Does anybody who is familiar with the BSDs know how those OSes solve this kind of problem? (I don't know enough to say if this even could be a problem with their architecture, just curious).
When the system is brought down cleanly (init 0 or 6) a seed file is saved. Also, when the system is started up, a seed file is created in case there's a crash. OpenBSD's rc(8):
# Push the old seed into the kernel, create a future seed and create a seed
# file for the boot-loader.
random_seed() {
dd if=/var/db/host.random of=/dev/random bs=65536 count=1 status=none
chmod 600 /var/db/host.random
dd if=/dev/random of=/var/db/host.random bs=65536 count=1 status=none
dd if=/dev/random of=/etc/random.seed bs=512 count=1 status=none
chmod 600 /etc/random.seed
}
So the main remaining risk is things like (cloud) images where many people/machines use the same seed. This can be mitigated by stirring in RDRAND, unique CPU information (serial number?), high-res date/time, and other possibly unique information (MAC addresses?).

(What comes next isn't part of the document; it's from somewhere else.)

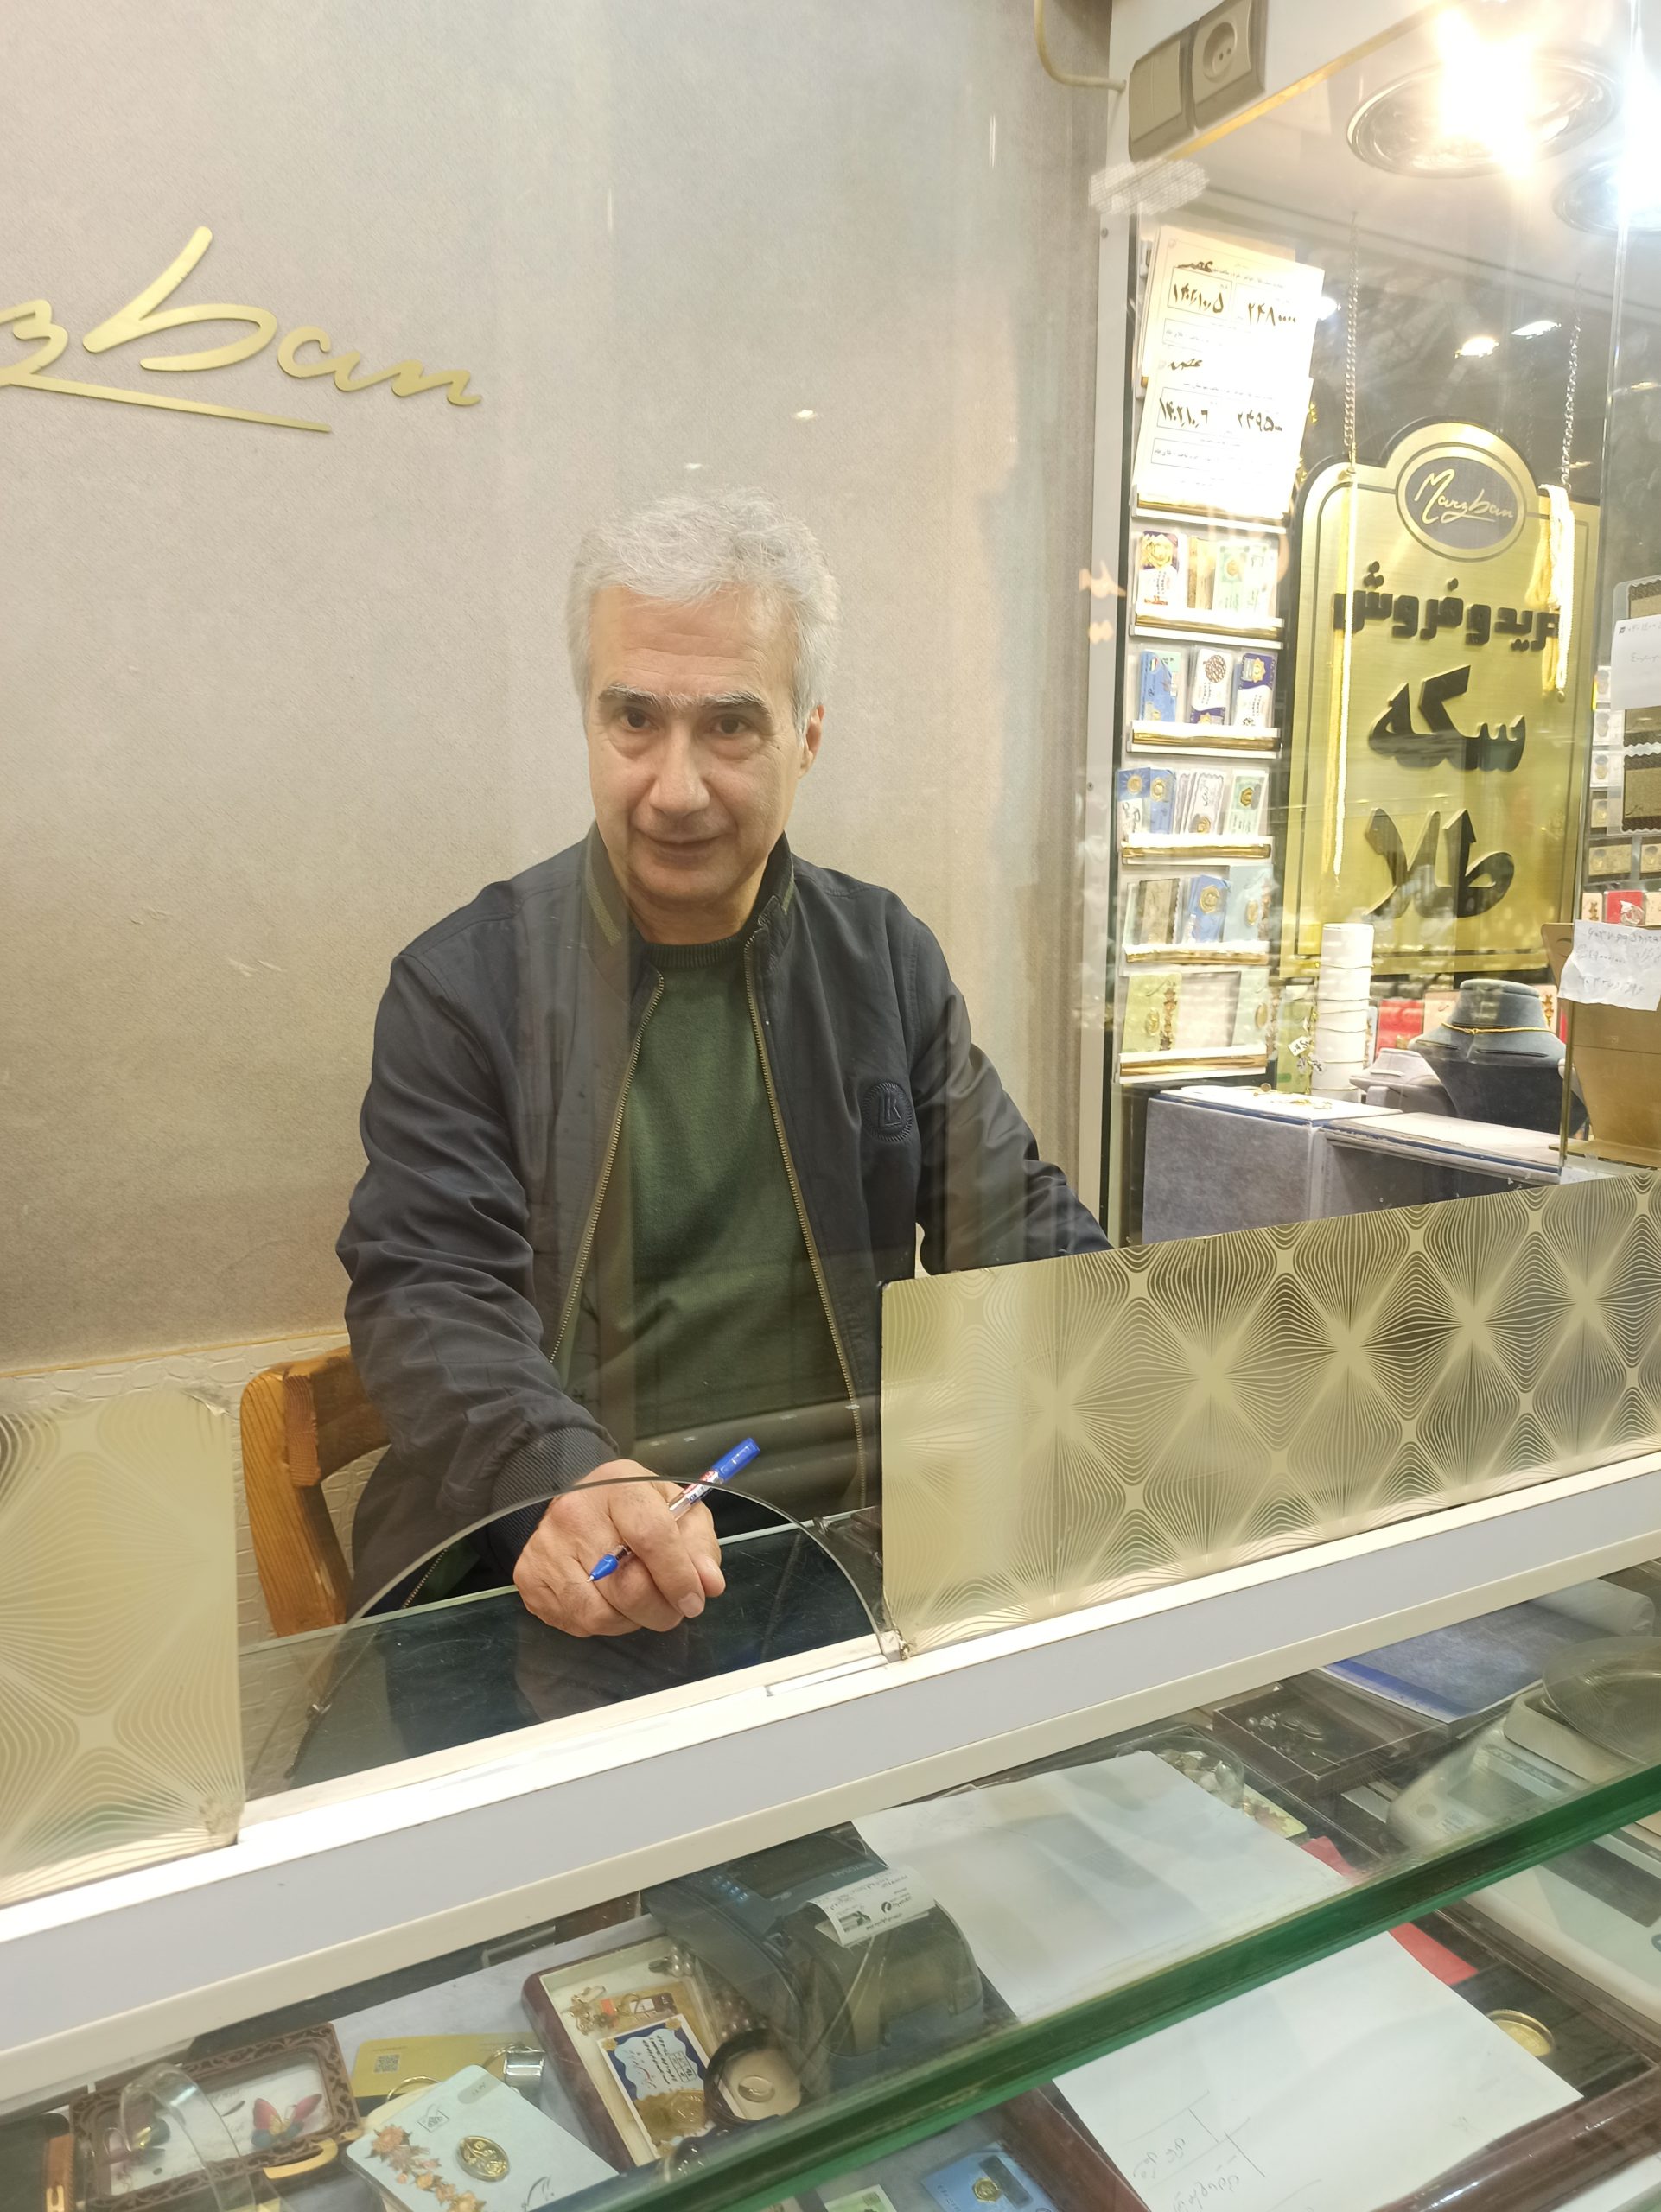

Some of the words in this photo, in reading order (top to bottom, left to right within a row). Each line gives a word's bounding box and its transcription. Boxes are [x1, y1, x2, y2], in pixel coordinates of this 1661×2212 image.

[1414, 468, 1514, 524] Marzban
[1368, 664, 1526, 772] سکه
[1363, 807, 1515, 919] طلا

The Virtio RNG driver was merged into Linux 2.6.26, released a decade ago. AFAIU it should be built into most Linux kernels. I just confirmed on Alpine 3.10 and Ubuntu 18.10 (Cosmic).
The problem is that not all hypervisors provide the device by default. I use libvirt KVM/QEMU and the default template doesn't include it, but you can add it. AWS EC2 doesn't provide it, though it doesn't provide any virtio devices. Parallels Desktop 15 doesn't support virtio-rng, either
OTOH, OpenBSD's VMD not only supports it but I think it's enabled by default. (I see it in the source code. I can't find a way to enable/disable it, but the publicly posted dmesg dumps seem to always show it as found when an OpenBSD guest boots.)
Of course, most VMs are x86_64-based using hardware extensions and likely using CPUs providing rdrand. But hypervisors really should provide the virtio-rng device default, perhaps even unconditionally as OpenBSD apparently does.
It's this kind of problem, but it's not the same problem; the Linux problem under discussion happens at a point during the boot when /var is not yet accessible/writable.